Magnesium deficiency induces apoptosis in primary cultures of rat hepatocytes.

The effects of extracellular magnesium (Mg) concentration on the rate of apoptosis in rat hepatocytes in primary culture were examined. After overnight attachment, incubations were conducted for up to 72 h in serum-free media containing low (0-0.4 mmol/L), physiological (0.8 mmol/L) or high (2 and 5.6 mmol/L) Mg concentrations. At 72 h, we observed numerous rounded hepatocytes on top of a shrunken cell monolayer at extracellular Mg concentrations < 0.8 mmol/L. These morphological features were associated with Mg-dependent differences in the total protein levels.

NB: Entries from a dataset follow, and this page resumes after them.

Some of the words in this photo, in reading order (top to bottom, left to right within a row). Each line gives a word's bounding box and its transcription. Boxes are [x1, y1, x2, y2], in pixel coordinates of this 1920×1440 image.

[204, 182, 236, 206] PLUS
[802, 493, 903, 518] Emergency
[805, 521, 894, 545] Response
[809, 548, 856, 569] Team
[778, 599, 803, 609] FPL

The various Mg concentrations did not affect DNA synthesis; however, at a concentration < 0.8 mmol/L, the susceptibility of cultured rat hepatocytes to oxidative stress was increased as shown by the reduced glutathione concentration (10.6 +/- 2.8 vs. 37.3 +/- 4.1 nmol/mg protein with 0 and 0.8 mmol/L, respectively; P < 0.05) and increased lipid peroxidation (0.36 +/- 0.03 vs. 0.21 +/- 0.01 nmol malondialdehyde/mg protein with 0 and 0.8 mmol/L, respectively; P < 0.05). Fluorescence microscopy after Hoechst dye staining revealed numerous apoptotic figures in Mg-free monolayers compared with 0.8 and 5.6 mmol/L Mg conditions. These observations were confirmed quantitatively by flow-cytometric analysis after propidium iodide staining. The proportion of subdiploid cells decreased with increasing Mg concentration; for example, it was greater at 72 h in Mg-free cultures (76%) than in cultures containing 0.8 mmol/L or 5.6 mmol/L Mg (28%; P < 0.05). Caspase-3 was highly activated in Mg-free cultures after 48 h of treatment compared with 0.8 and 5.6 mmol/L conditions (P < 0.05). Overall, these results show that extracellular Mg deficiency has a negative effect on the survival of cultured rat hepatocytes by inducing apoptosis; however, supplementation of extracellular Mg did not reduce the spontaneous apoptosis that occurred over time in rat hepatocyte cultures.